In a lawsuit filed on Thursday, state Attorney General Letitia James said she found the NRA lost more than $64 million over three years.

The 18-month investigation discovered that top executives funneled contracts to friends and family members and used charitable funds for their own personal gain.

“The NRA’s influence has been so powerful that the organization went unchecked for decades while top executives funneled millions into their own pockets,” James said in a statement, according to NPR. “The NRA is fraught with fraud and abuse, which is why, today, we seek to dissolve the NRA, because no organization is above the law.”

Washington, D.C. Attorney General Karl Racine also announced on Thursday that he would be suing the National Rifle Association Foundation, claiming donor money meant to fund firearms safety and training was instead “diverted to support wasteful spending by the NRA and its executives.”

The New York attorney general’s office opened its investigation of the NRA in April 2019 after a report from The Trace revealed financial mismanagement in the group that apparently allowed top vendors and executives to receive hundreds of millions of dollars in payouts.

The lawsuit accuses NRA higher-ups of “enriching themselves” with donor money. In James’ crosshairs are Chief Executive Wayne LaPierre, former general counsel John Frazer, former Chief Financial Officer Woody Phillips, and former chief of staff Joshua Powell.

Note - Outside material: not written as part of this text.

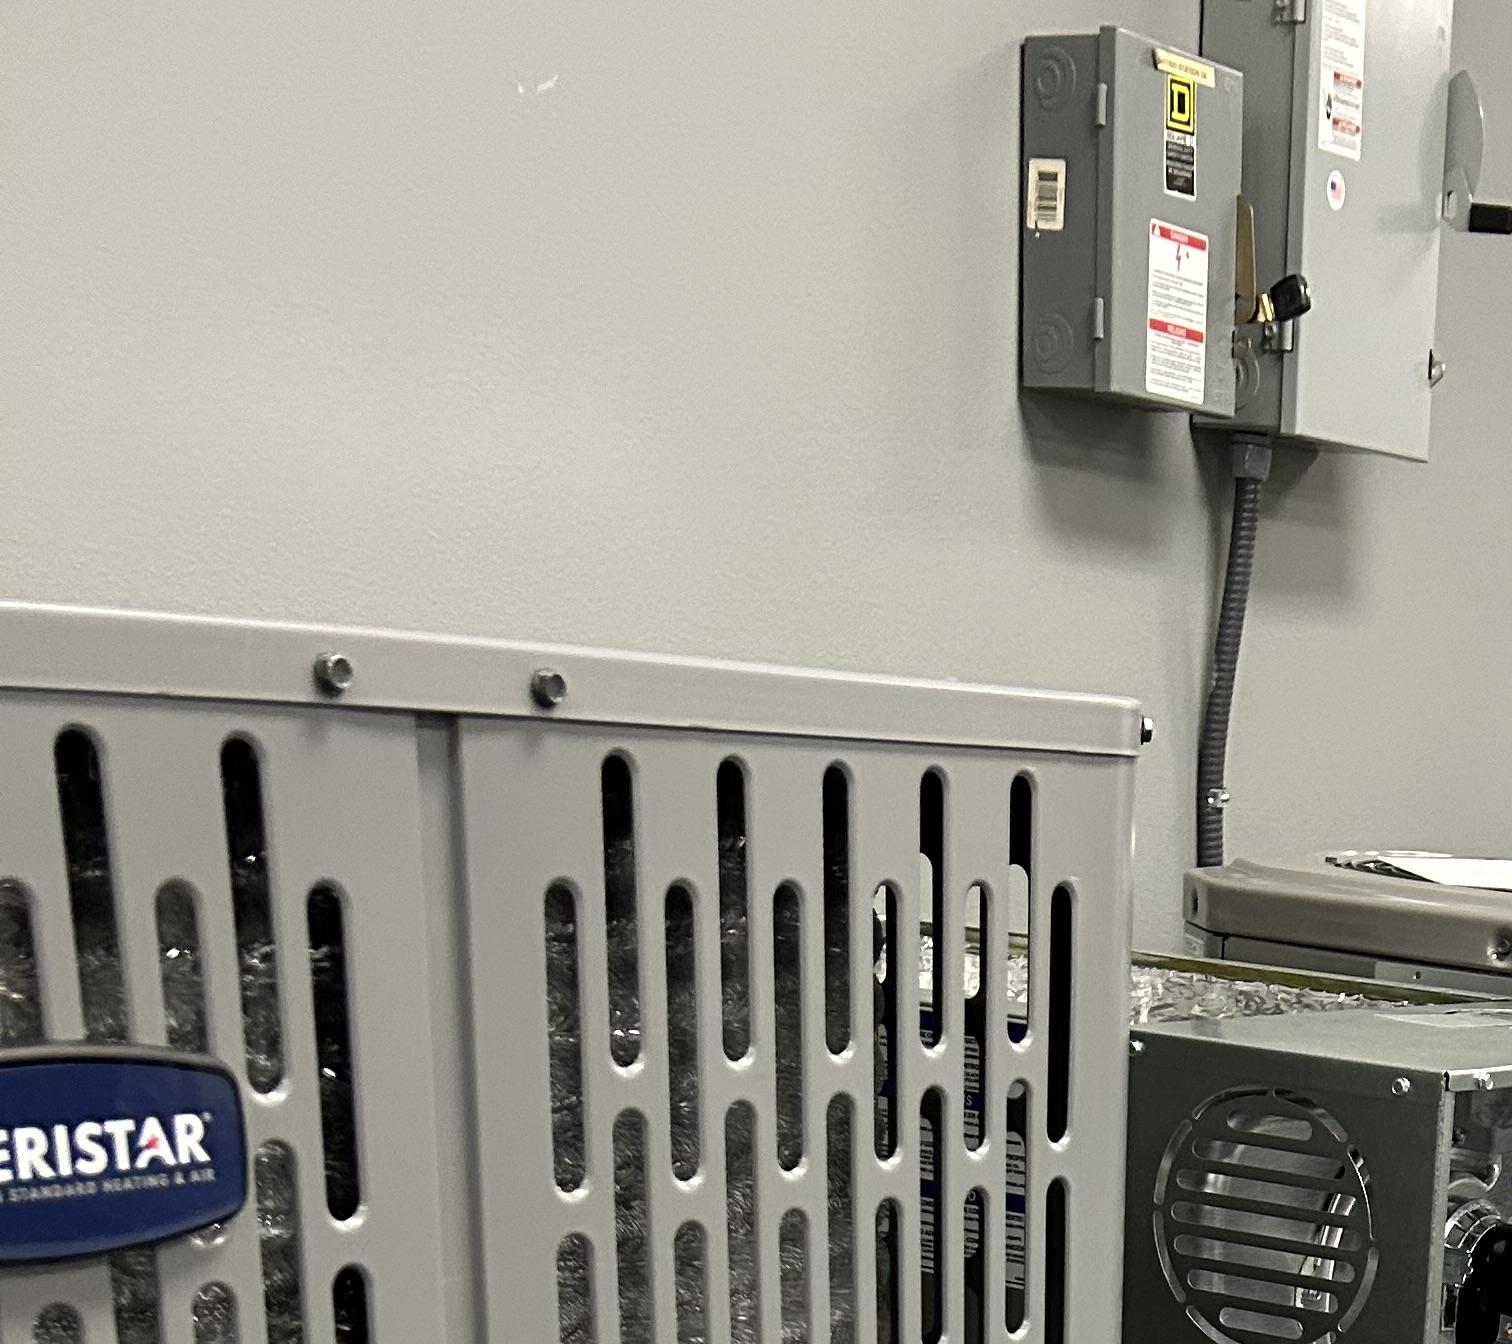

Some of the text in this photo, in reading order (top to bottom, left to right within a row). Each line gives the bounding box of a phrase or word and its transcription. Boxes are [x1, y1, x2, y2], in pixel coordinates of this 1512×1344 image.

[8, 1168, 216, 1202] STANDARD HEATING & AIR

Frazer “had only a brief 18-month tenure in private practice and was unprepared to manage the legal and regulatory affairs of the NRA,” the lawsuit alleges.

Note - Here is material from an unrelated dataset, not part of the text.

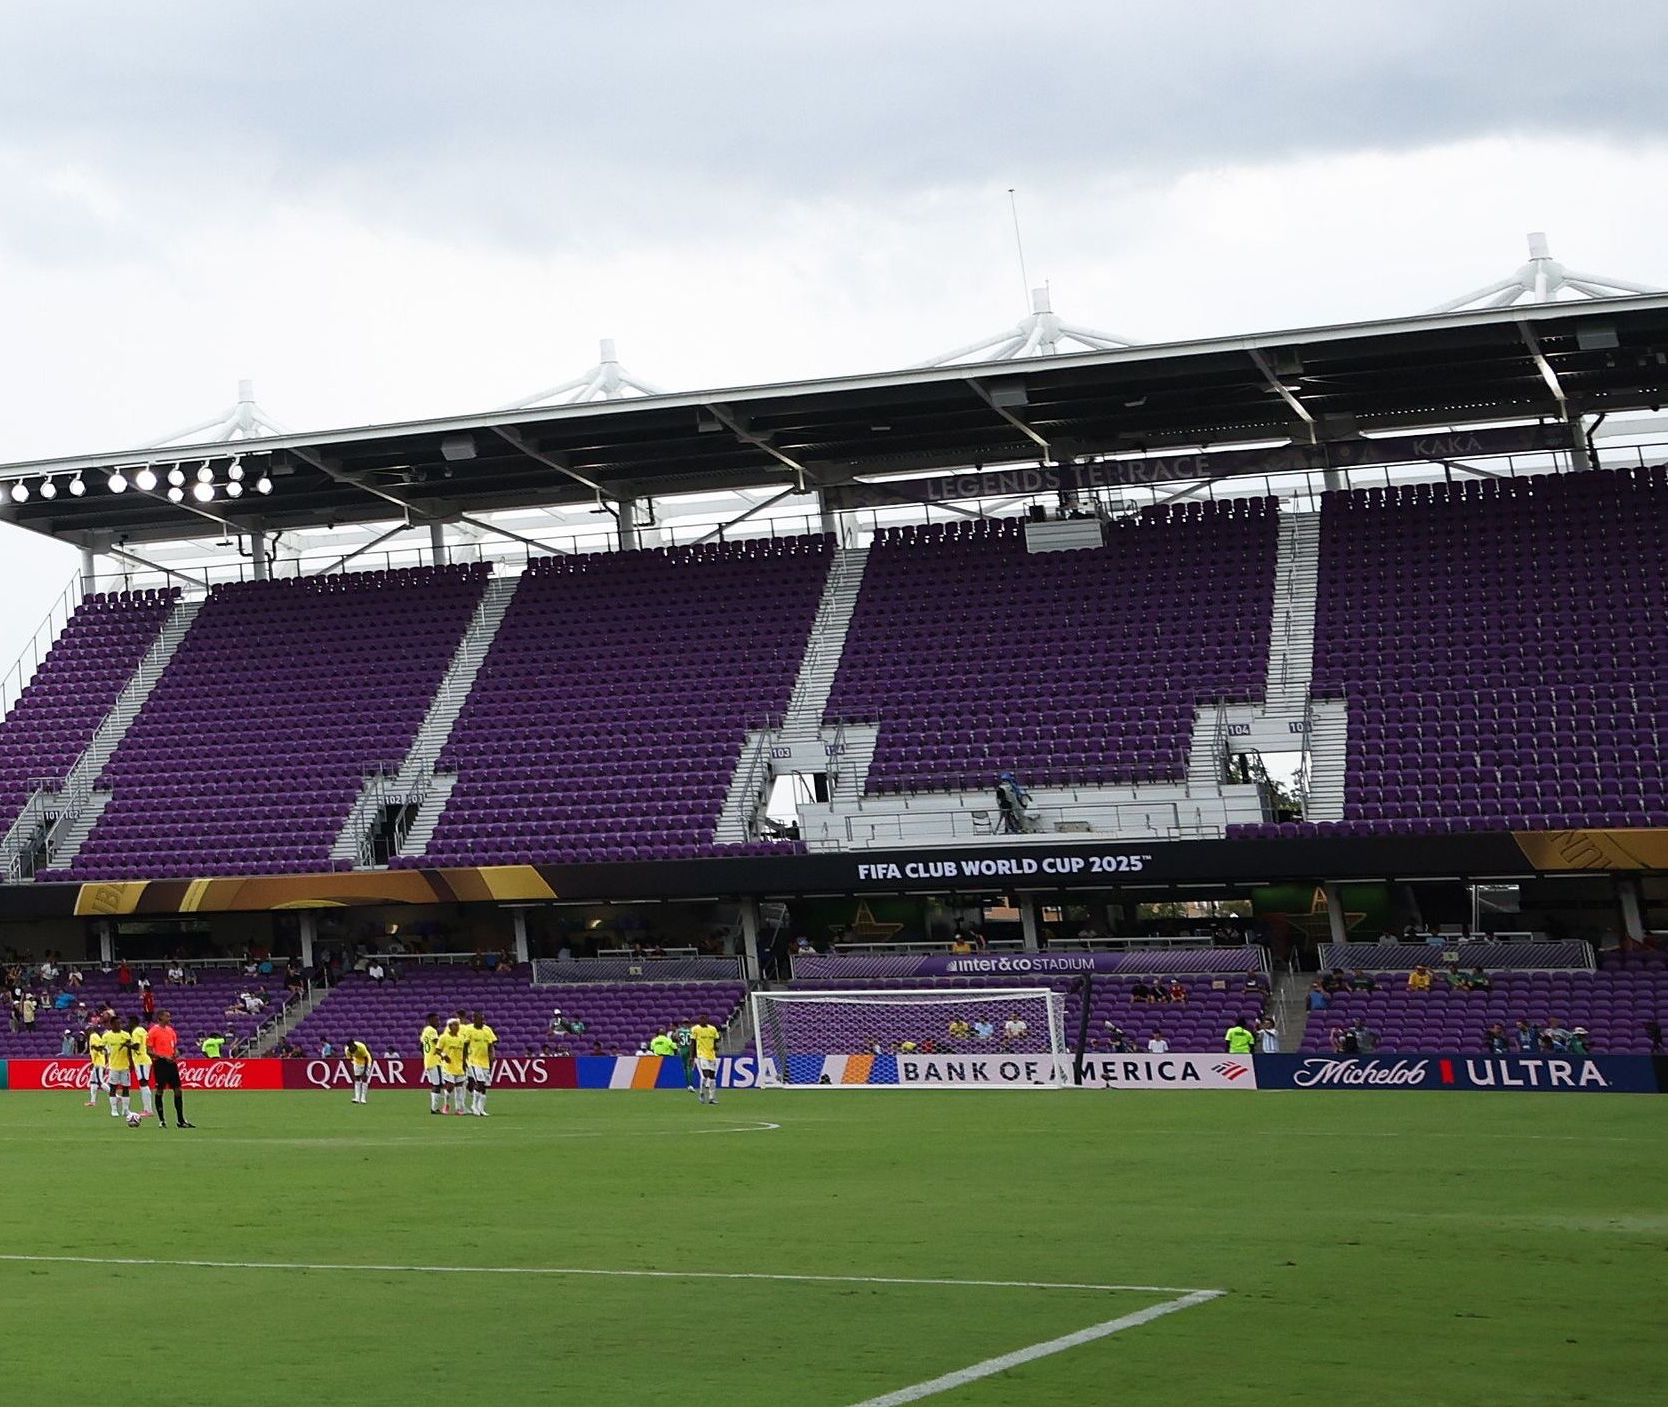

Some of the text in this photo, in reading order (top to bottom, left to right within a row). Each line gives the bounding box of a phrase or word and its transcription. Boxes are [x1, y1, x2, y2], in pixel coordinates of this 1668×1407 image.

Following The Trace’s explosive report last year, the gun lobby has started to collapse amid infighting with top executives and ad agency Ackerman McQueen. Board members began jumping ship nearly a year ago after it was discovered that LaPierre had billed Ackerman McQueen for more than half a million dollars over the years. LaPierre also went on a $39,000 shopping spree at a Beverly Hills store on Ackerman McQueen’s dime, according to The Wall Street Journal.

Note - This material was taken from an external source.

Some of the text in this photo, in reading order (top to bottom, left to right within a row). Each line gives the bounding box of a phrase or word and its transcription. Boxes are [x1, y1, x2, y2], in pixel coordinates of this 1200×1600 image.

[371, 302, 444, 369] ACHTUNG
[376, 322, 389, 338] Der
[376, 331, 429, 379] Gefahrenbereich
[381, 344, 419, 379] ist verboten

The NRA is now suing Ackerman McQueen, which led to the ad agency severing ties with the gun lobby and shutting down NRATV, the propaganda arm of the group that served to spew faux-outrage and conspiracy theories.

In a separate lawsuit filed in August 2019 against the NRA’s former second-in-command Oliver North, the NRA alleged that North engaged in an extortion plot to oust LaPierre. But at the gun group’s annual convention last year, North announced that he was being pushed out.

Leaked NRA documents obtained by HuffPost at the time revealed that North was “deeply concerned about the extraordinary legal fees the NRA has incurred” from attorney Bill Brewer. The letter alleged that $24 million was spent on legal services over a 13-month period in which top executives were receiving massive payouts.

New York’s Department of Financial Services filed civil charges against the NRA in February, accusing it of peddling insurance products — like “Carry Guard” — without a license, in partnership with insurance broker Lockton Companies, CNBC reported.

On Thursday ― the same day it was announced that attorneys general are suing the group ― Jason Ouimet, who runs the NRA’s lobbying arm, told the Washington Free Beacon the group plans to spend “tens of millions” of dollars in battleground states to get President Donald Trump reelected. It’s unclear where that money will come from, but Ouimet claimed it will be from “grassroots” supporters.